Candace Beebe Pert | |
---|---|
Born |
Manhattan, New York City |
June 26, 1946
Died | September 12, 2013 Potomac, Maryland |
(aged 67)
Nationality | American |
Fields | Neuroscience |
Institutions |
National Institutes of Health Georgetown University |
Known for | Opiate receptor, mind-body medicine pioneer, HIV treatment |
Candace Beebe Pert (June 26, 1946 – September 12, 2013) was an American neuroscientist and pharmacologist who discovered the opiate receptor, the cellular binding site for endorphins in the brain.
She was born on June 26, 1946 in Manhattan, New York City.
In 1974, Candace Pert earned a Ph.D. in pharmacology from Johns Hopkins University School of Medicine, where she worked in the laboratory of Solomon Snyder and discovered the brain’s opiate receptor. Previously, she completed her undergraduate studies in biology, cum laude in 1970 from Bryn Mawr College in Pennsylvania. Pert conducted a National Institutes of Health Postdoctoral Fellowship with the Department of Pharmacology at the Johns Hopkins University School of Medicine from 1974-1975. She conducted research at the National Institute of Mental Health from 1975 to 1987. Pert is the author of Molecules of Emotion. She appeared as one of the experts in Bill Moyers 1993 PBS video production, "Healing and the Mind", and in the 2004 film What the #$*! Do We Know!?.

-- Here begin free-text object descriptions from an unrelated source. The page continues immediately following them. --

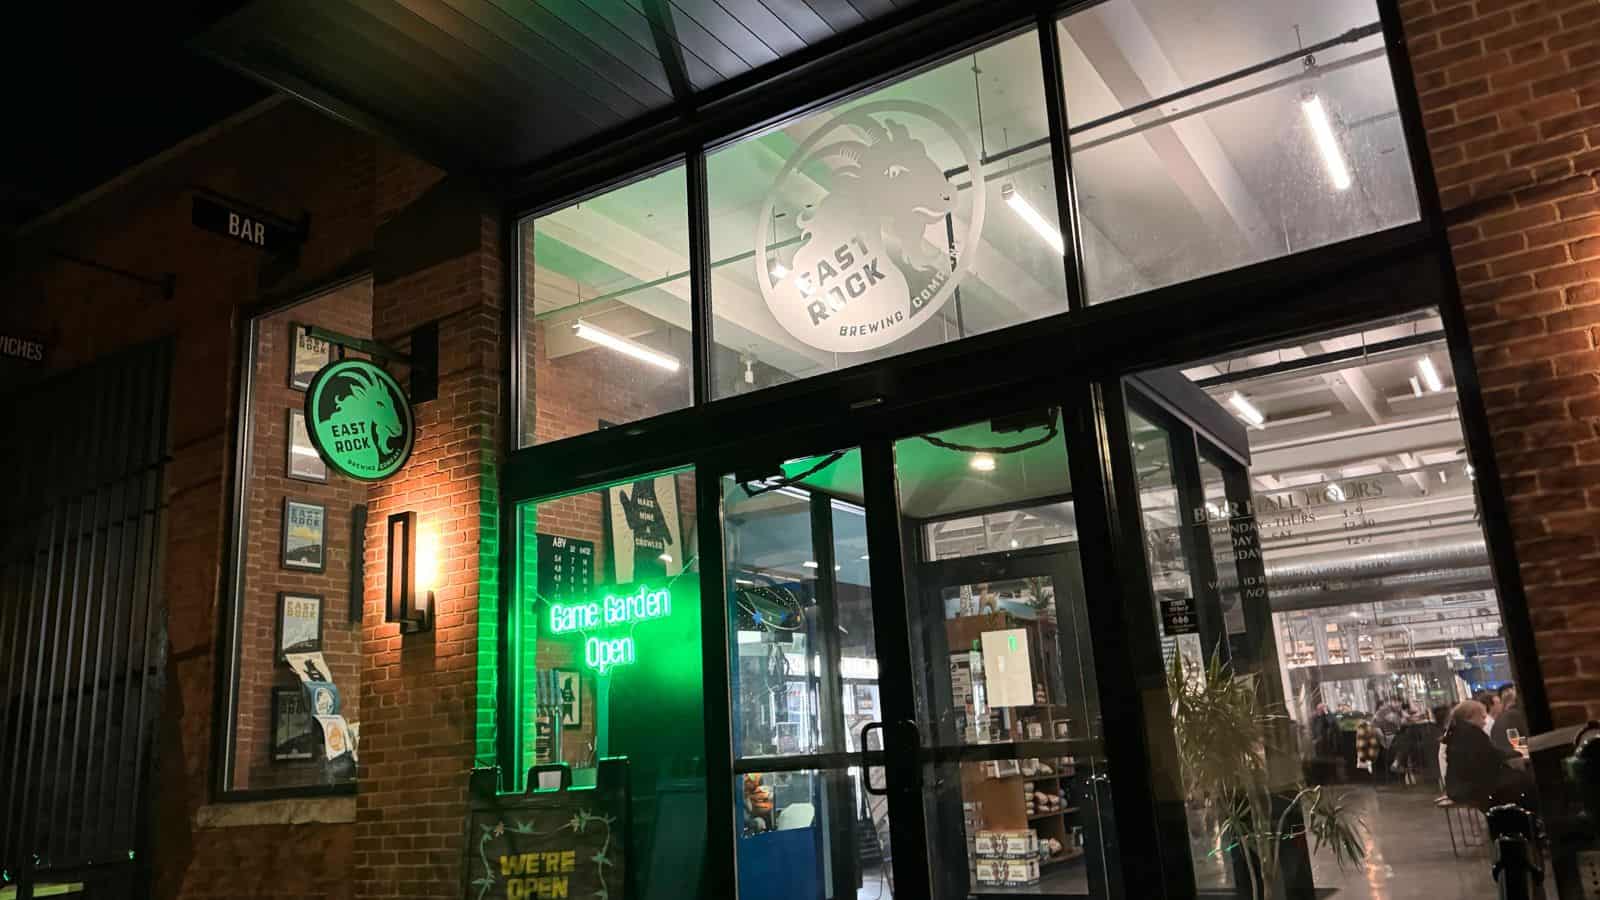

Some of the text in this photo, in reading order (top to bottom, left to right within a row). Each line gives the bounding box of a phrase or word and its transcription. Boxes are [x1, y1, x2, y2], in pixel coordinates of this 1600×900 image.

[228, 212, 265, 246] BAR
[796, 234, 870, 300] EAST
[839, 309, 905, 338] BREWING
[331, 421, 366, 438] EAST
[335, 436, 371, 453] ROCK
[1193, 501, 1242, 523] BER
[552, 537, 567, 548] ABV
[550, 585, 672, 632] Game Garden
[585, 637, 636, 674] Open
[500, 850, 576, 876] WE'RE
[507, 876, 569, 900] OPEN
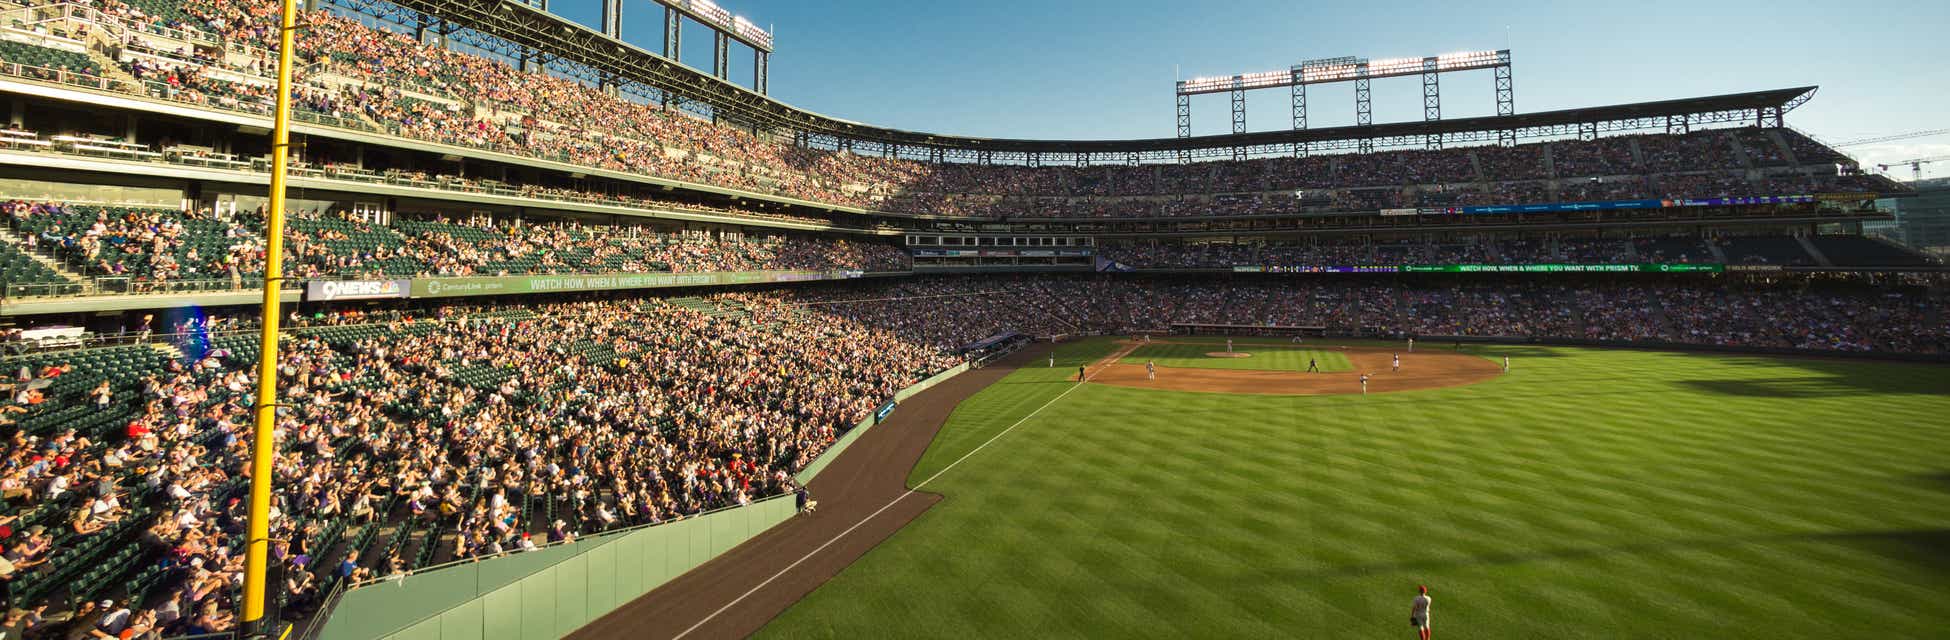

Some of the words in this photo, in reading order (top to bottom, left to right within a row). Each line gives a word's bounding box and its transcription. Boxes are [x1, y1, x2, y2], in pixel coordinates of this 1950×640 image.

[1605, 264, 1628, 272] PRISM
[531, 279, 561, 290] WATCH
[587, 277, 609, 288] WHEN
[611, 277, 617, 287] &
[619, 276, 641, 287] WHERE
[658, 275, 677, 285] WANT
[323, 281, 381, 300] 9NEWS
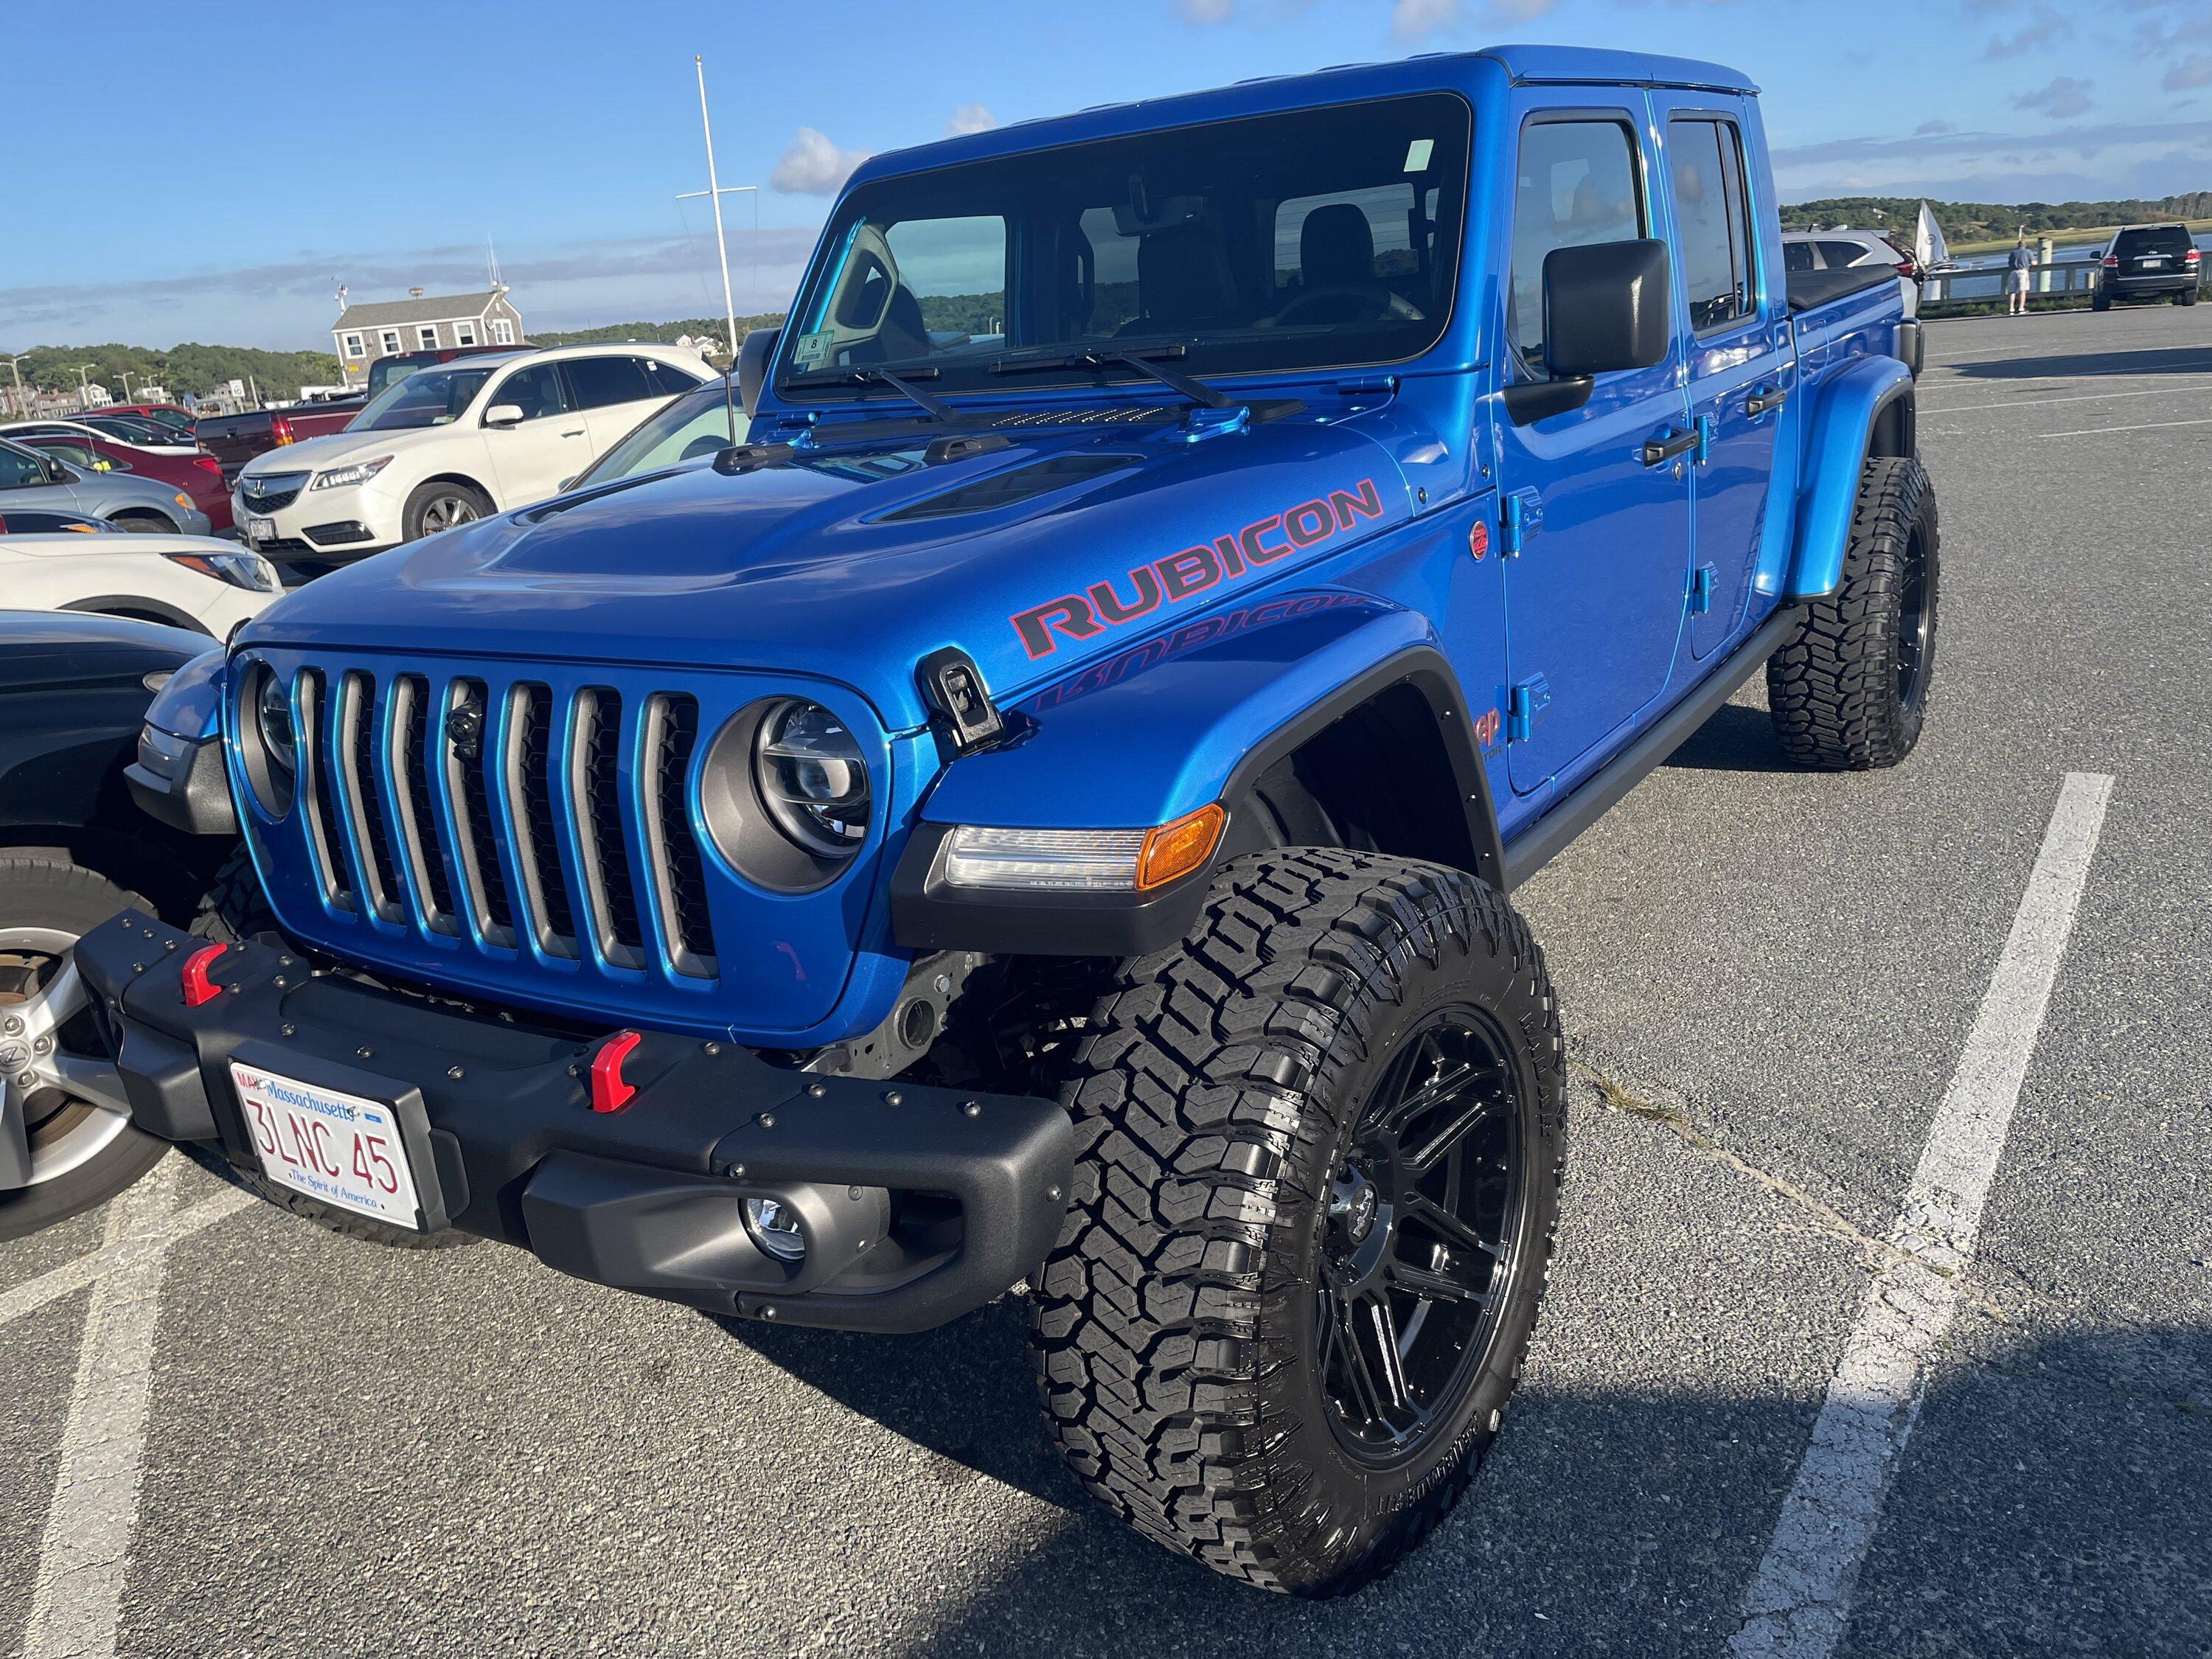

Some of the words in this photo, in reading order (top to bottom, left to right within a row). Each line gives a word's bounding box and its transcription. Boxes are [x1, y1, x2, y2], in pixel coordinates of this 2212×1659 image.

Beginning in 1975, Pert held a variety of research positions with the National Institute of Mental Health. In 1983, she became the Chief of the Section on Brain Biochemistry of the Clinical Neuroscience Branch, the only female chief at NIMH.
She left to found and direct a private biotech laboratory in 1987. Pert was a Research Professor in the Department of Physiology and Biophysics at Georgetown University School of Medicine in Washington, DC. In her latter years, she was with RAPID Pharmaceuticals.